■ EXERCISE OBJECTIVE ■
Return the entries verbatim and drop every picture.

*** DATA SHOWN ***

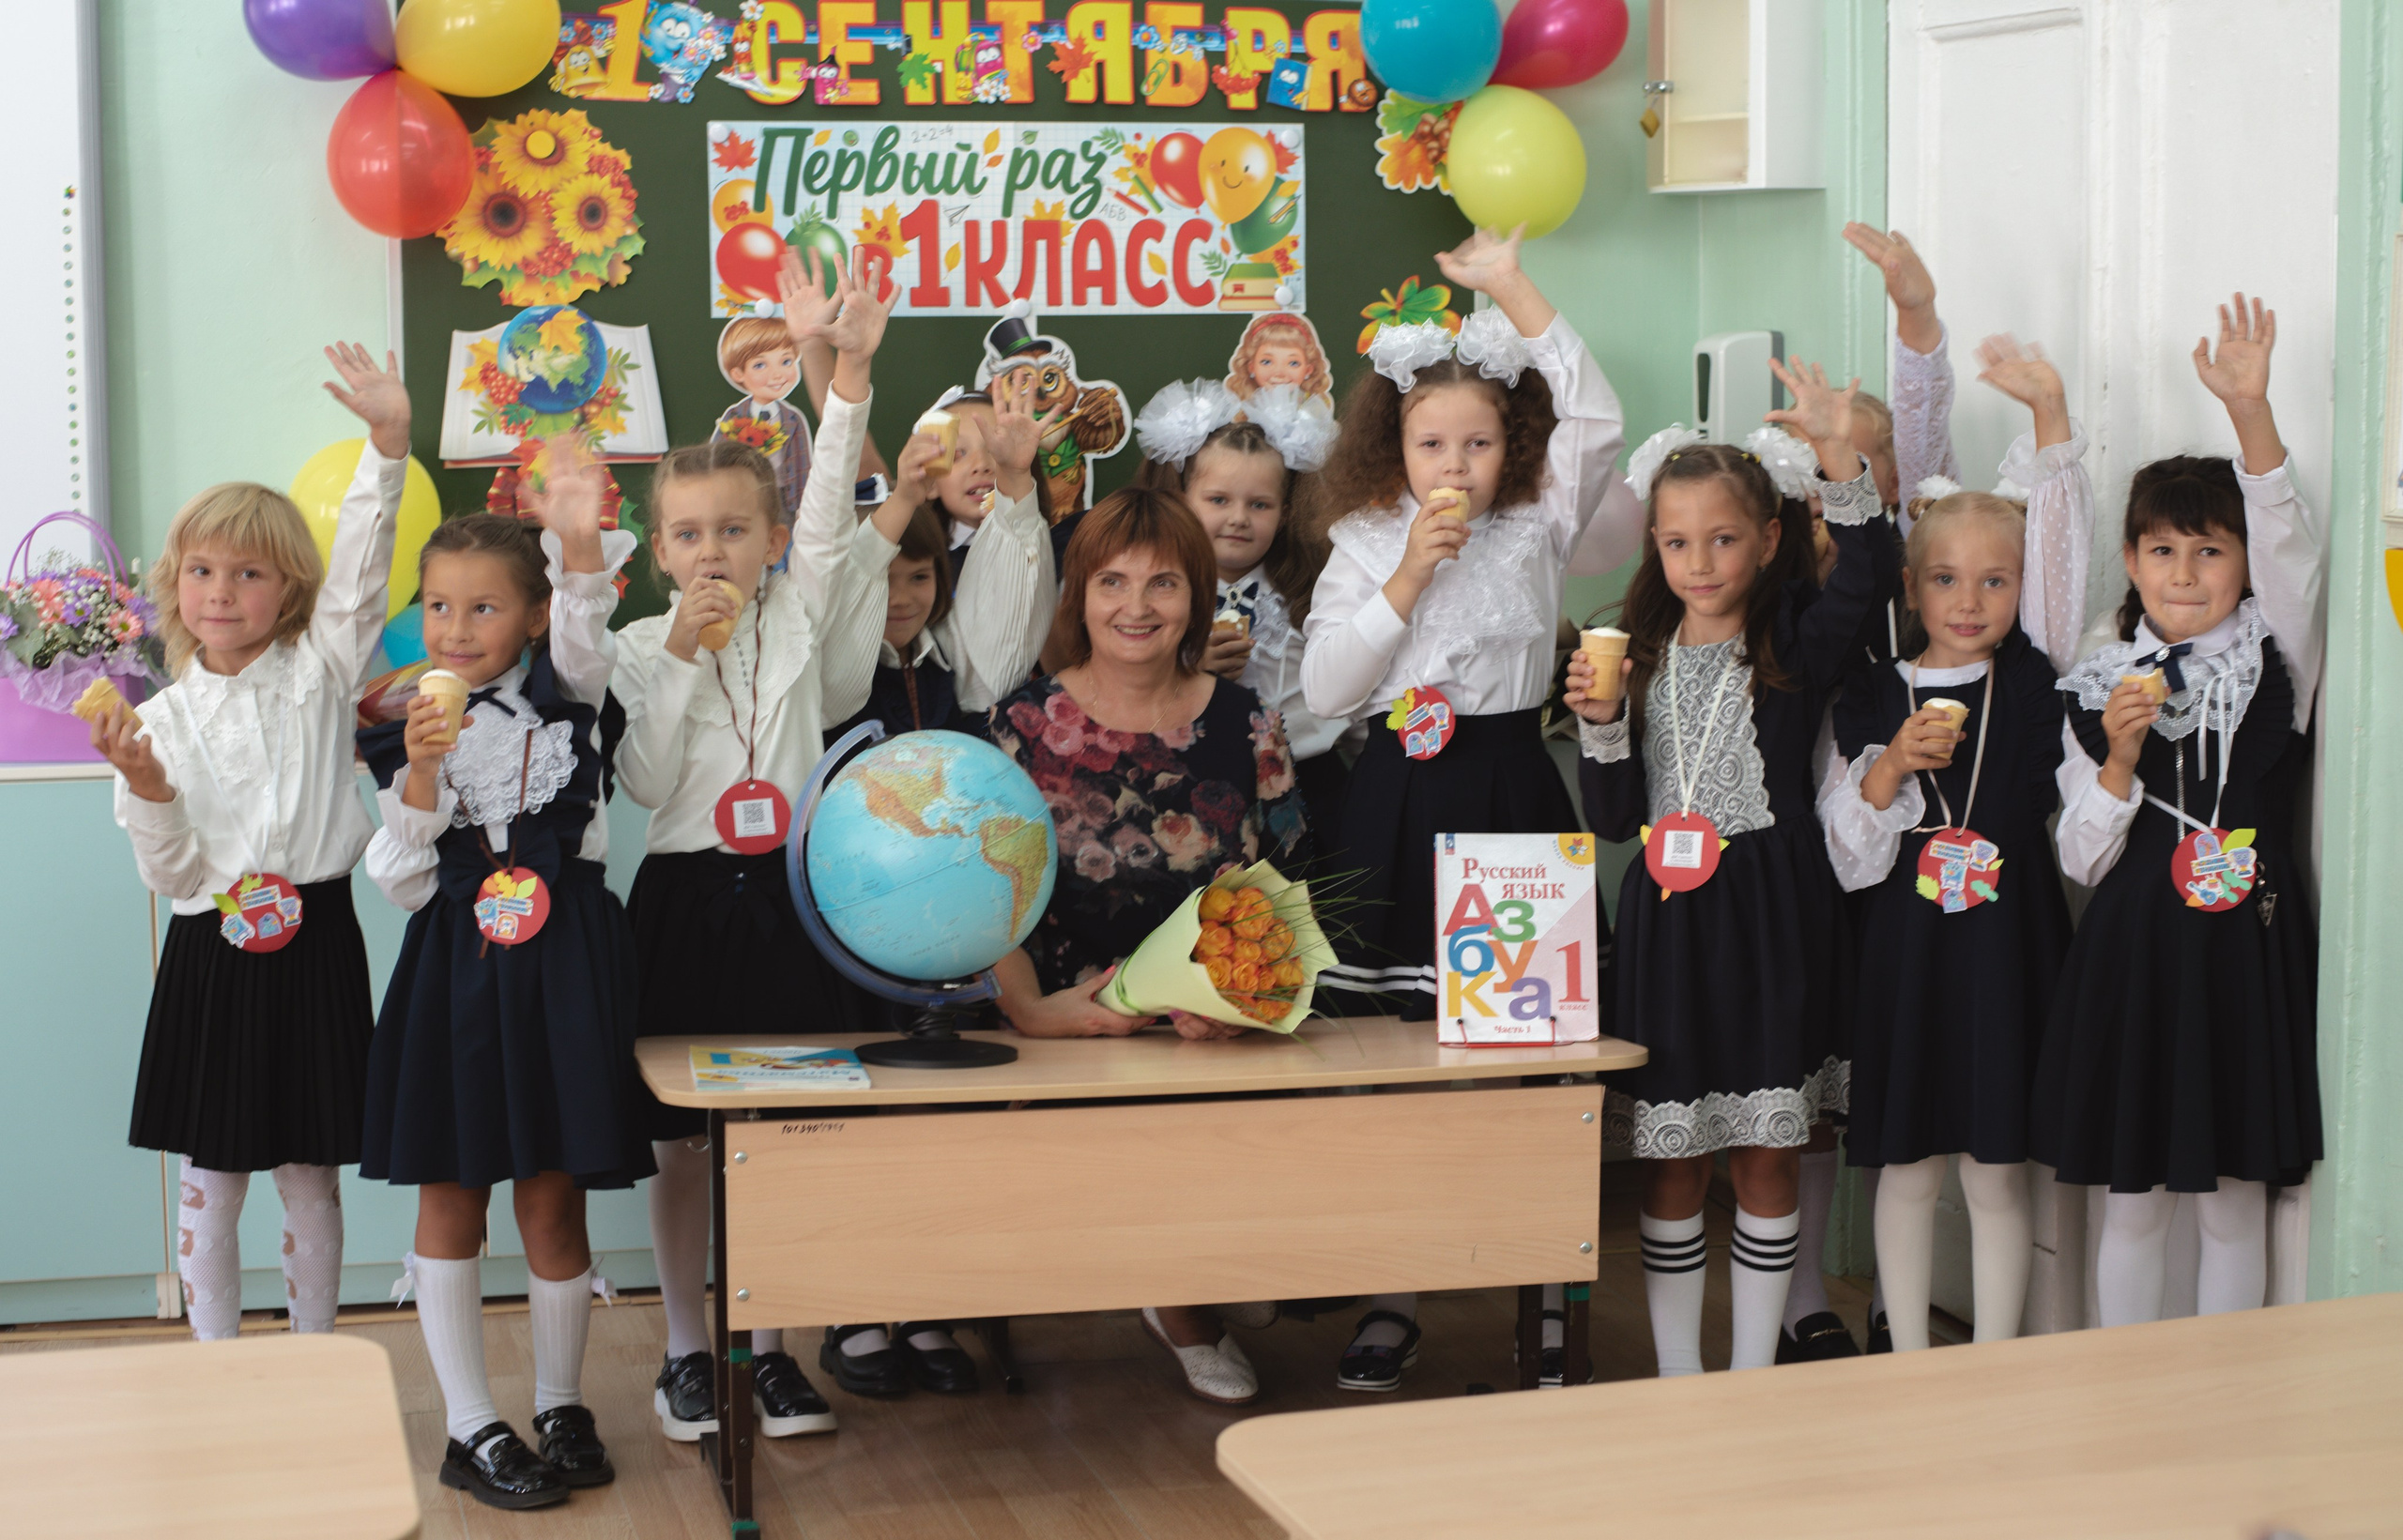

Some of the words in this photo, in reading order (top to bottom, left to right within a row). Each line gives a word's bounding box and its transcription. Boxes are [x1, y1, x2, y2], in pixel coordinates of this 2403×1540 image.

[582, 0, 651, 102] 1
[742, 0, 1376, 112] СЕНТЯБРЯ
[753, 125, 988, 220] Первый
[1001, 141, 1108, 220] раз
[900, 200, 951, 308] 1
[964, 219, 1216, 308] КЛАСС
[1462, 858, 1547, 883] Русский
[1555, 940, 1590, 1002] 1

*** End of DATA SHOWN ***

■ TASK RESULT ■
Some of the words in this photo, in reading order (top to bottom, left to right within a row). Each line gives a word's bounding box and its transcription. Boxes are [x1, y1, x2, y2], in pixel coordinates of this 2403×1540 image.

[582, 0, 651, 102] 1
[742, 0, 1376, 112] СЕНТЯБРЯ
[753, 125, 988, 220] Первый
[1001, 141, 1108, 220] раз
[900, 200, 951, 308] 1
[964, 219, 1216, 308] КЛАСС
[1462, 858, 1547, 883] Русский
[1555, 940, 1590, 1002] 1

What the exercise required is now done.